Well for starters I am not getting my ($z-z_0$) to cancel out, should I be using exponents instead of my z identities for the trig functions? The only reason I was able to get my residue at 0 was because $\frac{z-0}{z}$ occurred.

7. Sep 28, 2014

### vela

Staff Emeritus
From what you just said, it's not clear at all to me what you're doing to evaluate the residue.

8. Sep 28, 2014

### KleZMeR

Using $cos\theta = \frac{1}{2}(z+\frac{1}{z})$ and $sin\theta = -\frac{1}{2i}(z-\frac{1}{z})$

my residue simplifies to $-\frac{(z-z_0)(z^2-1)}{z(6z+2z^2+2)}$

At $z_0 = 0$

I get

$Res[f,0] = 1/2$

but my other two roots, of the polynomial in the denominator, are giving me problems when trying to compute the residue.

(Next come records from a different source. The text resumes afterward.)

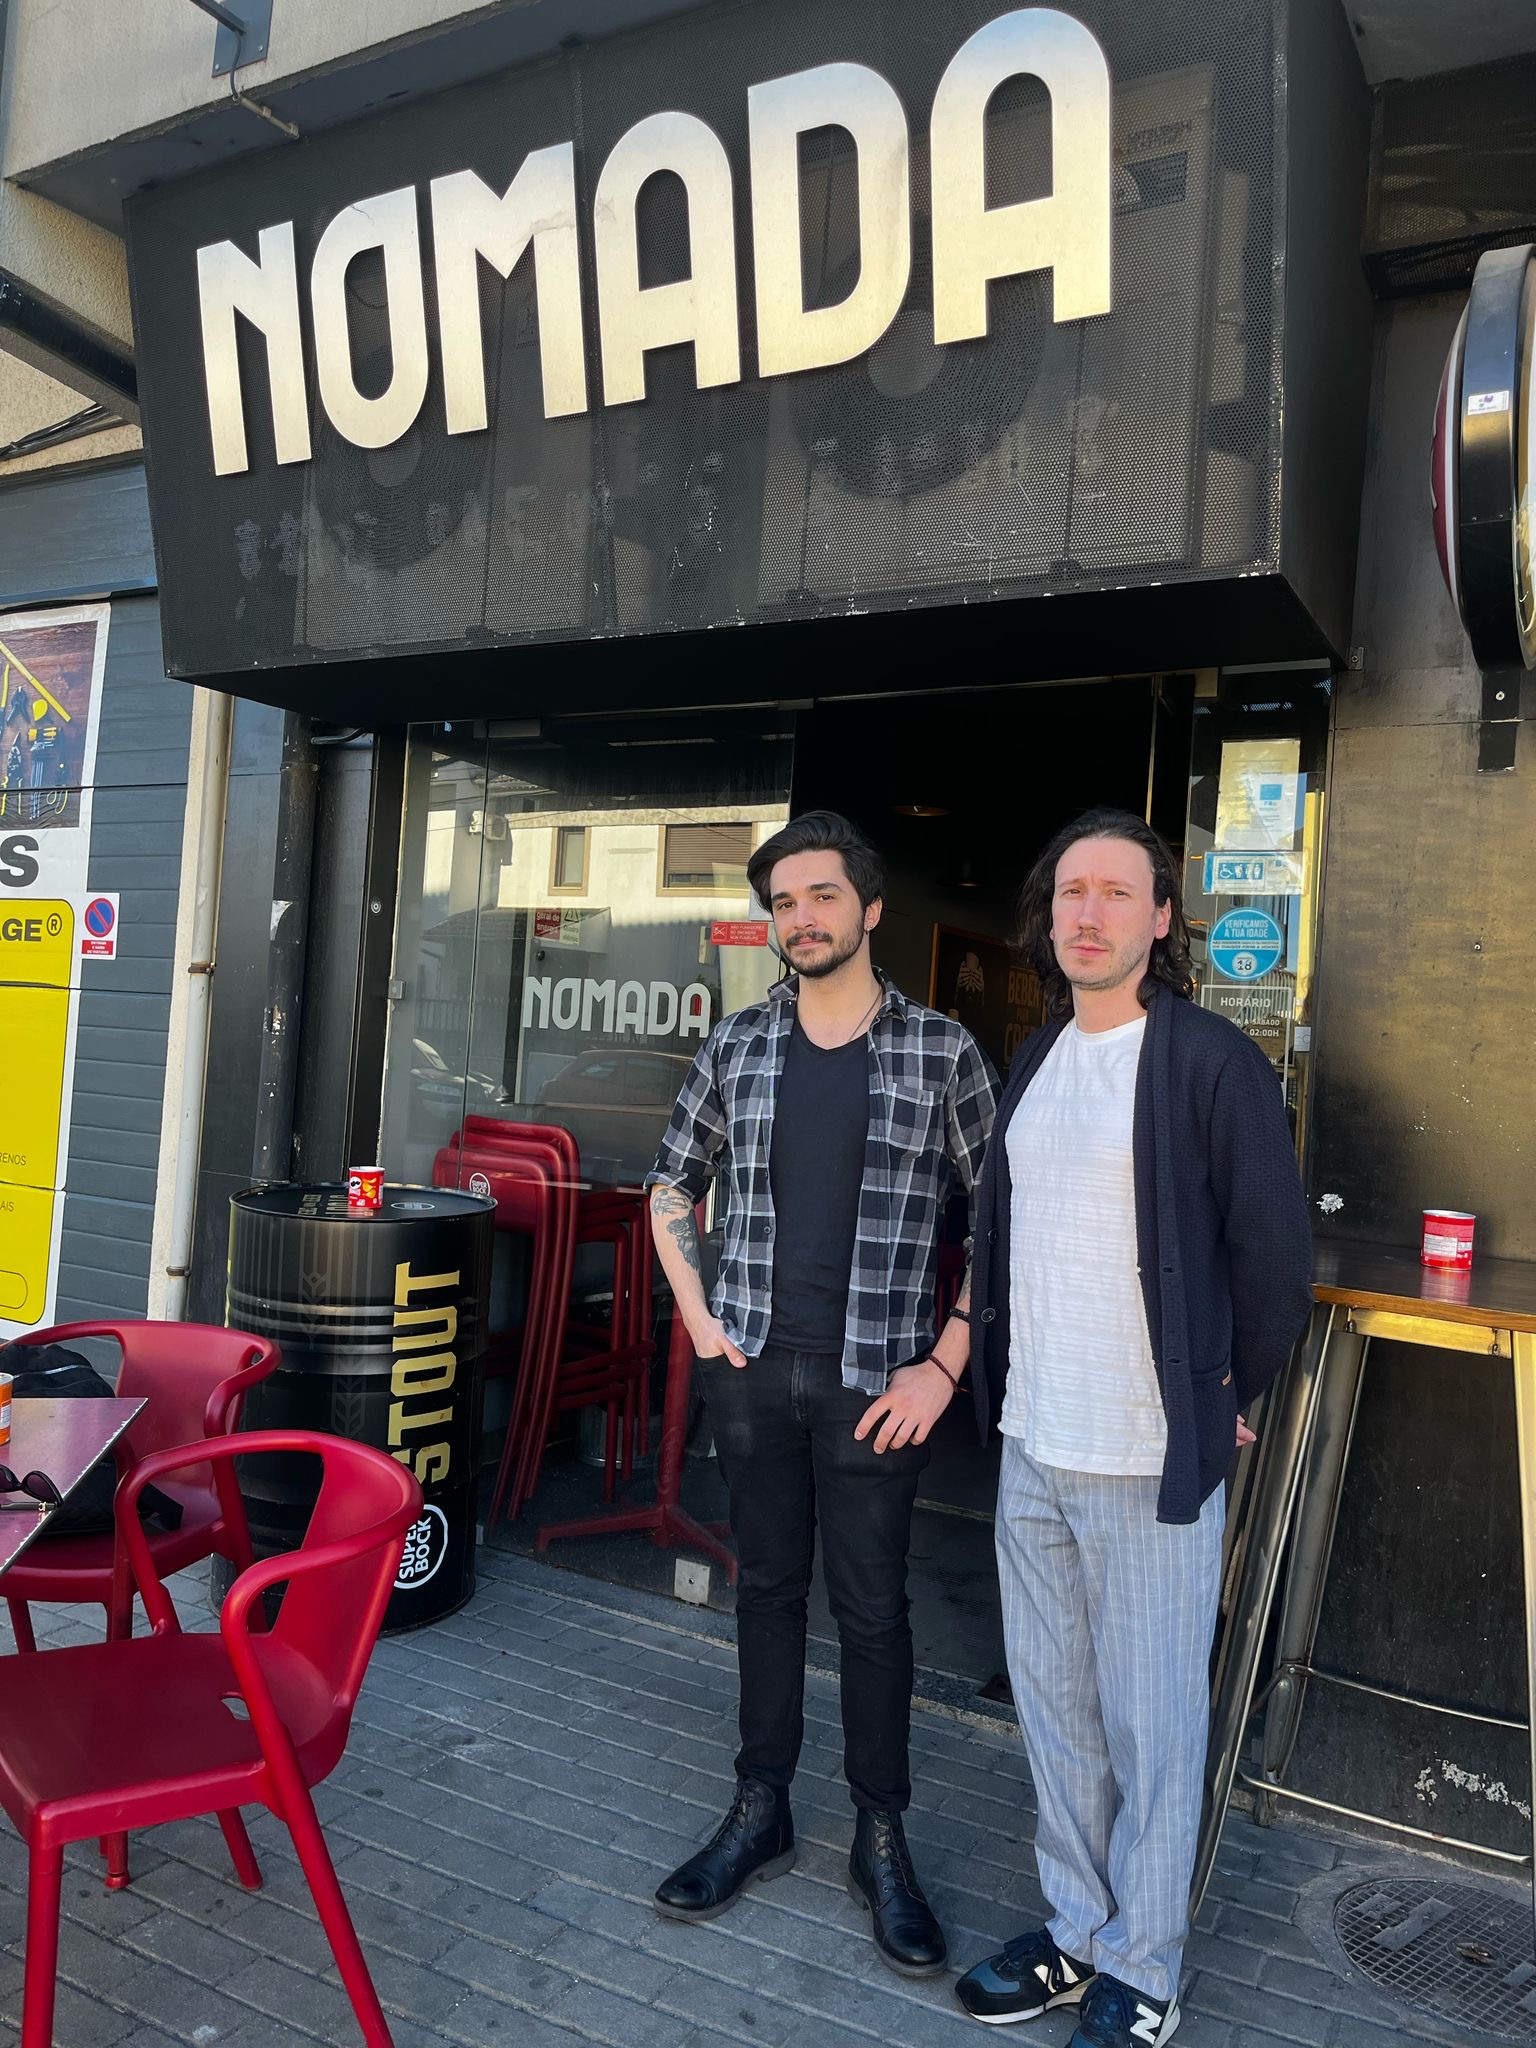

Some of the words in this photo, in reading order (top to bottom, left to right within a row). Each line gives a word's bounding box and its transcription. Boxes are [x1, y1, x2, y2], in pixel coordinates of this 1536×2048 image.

[197, 7, 1112, 476] NOMADA
[1224, 920, 1269, 929] VERIFICAMOS
[1224, 928, 1230, 937] A
[1231, 928, 1245, 937] TUA
[1246, 928, 1269, 938] IDADE
[522, 976, 711, 1038] NOMADA
[1220, 995, 1271, 1008] HORÁRIO
[1249, 1029, 1279, 1037] 02:00H
[0, 1200, 15, 1212] AIS
[387, 1262, 460, 1486] STOUT
[415, 1515, 432, 1573] BOCK
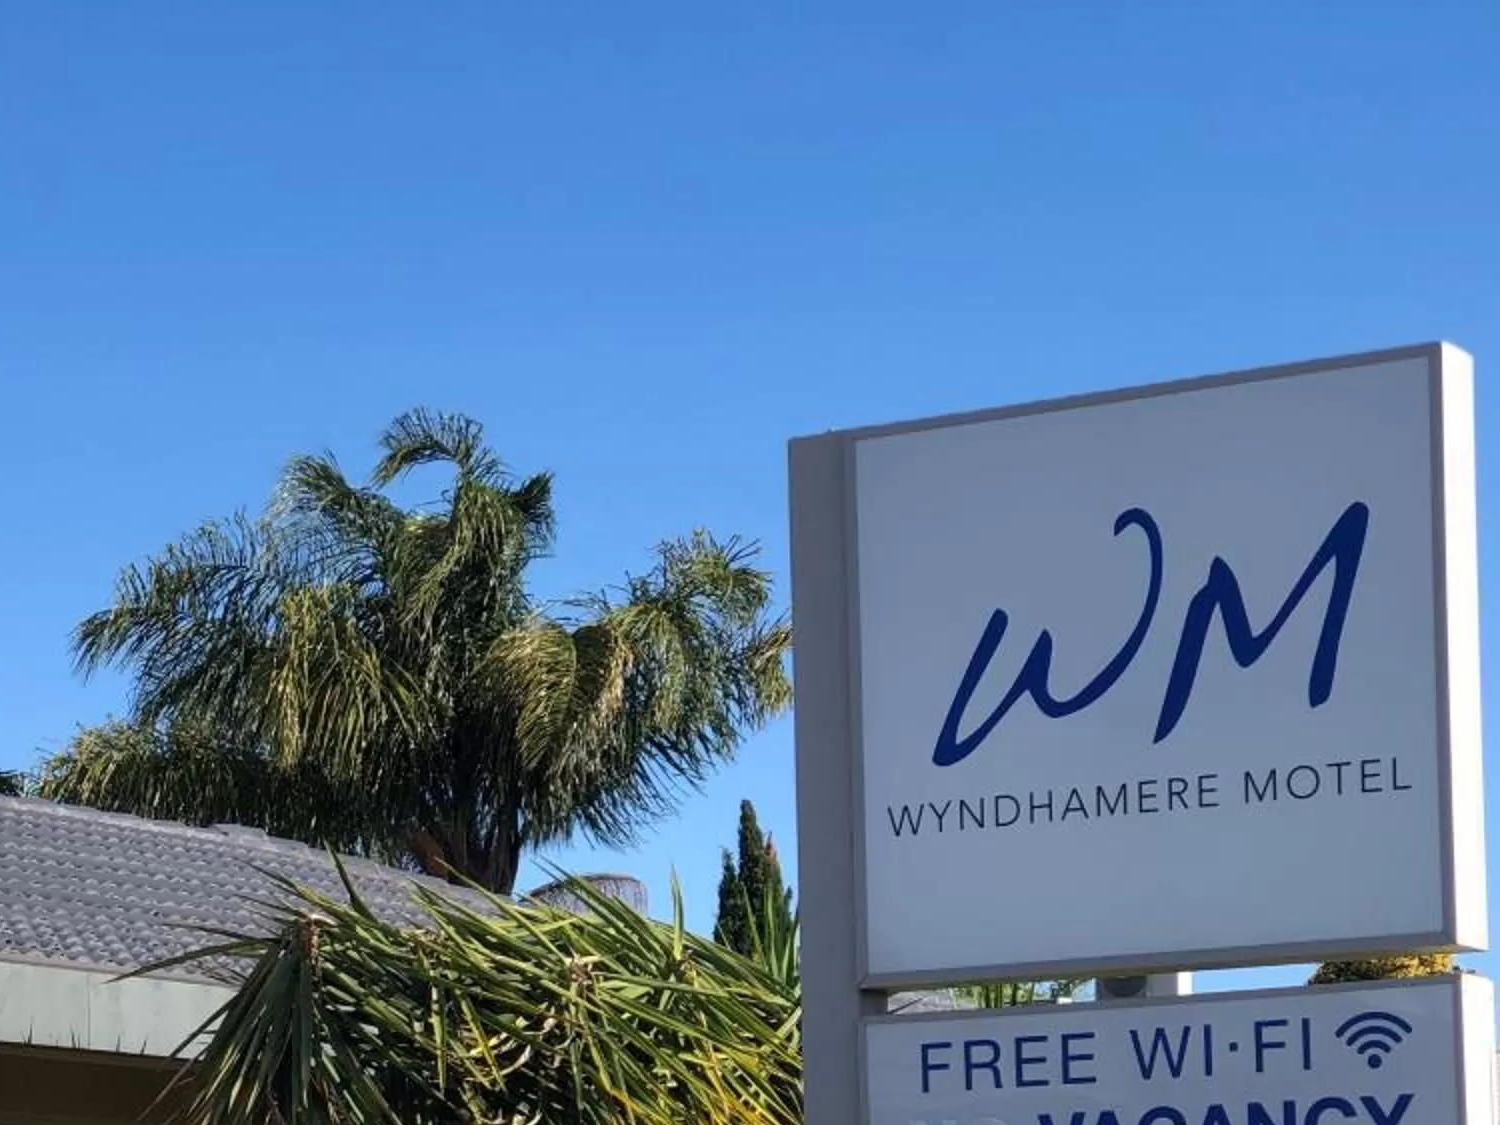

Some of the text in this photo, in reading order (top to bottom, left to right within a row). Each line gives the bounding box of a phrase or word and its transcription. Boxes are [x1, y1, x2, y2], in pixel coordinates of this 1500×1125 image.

[887, 757, 1413, 837] WYNDHAMERE MOTEL
[920, 1031, 1097, 1093] FREE

$\frac{1}{2}(\sqrt5-3)$ and $\frac{1}{2}(-3-\sqrt5)$

I think both these points are in my region? it's a full revolution yes?

9. Sep 28, 2014

### KleZMeR

I'm trying LHopital

10. Sep 29, 2014

### KleZMeR

Seemed to have worked! With my root that is within the circle $\frac{1}{2}(\sqrt5-3)$ I get $\frac{1}{2}$

And so $\frac{1}{2} + (-\frac{1}{2}) = 0 = Res[f,0] + Res[f,\frac{1}{2}(\sqrt5-3)]$

11. Sep 29, 2014

### vela

Staff Emeritus
I wouldn't call that the residue. You mean the residue for a simple pole at $z=z_0$ is given by
$$b_1 = \lim_{z \to z_0} -\frac{(z-z_0)(z^2-1)}{z(6z+2z^2+2)}.$$

I still don't know what problem you ran into.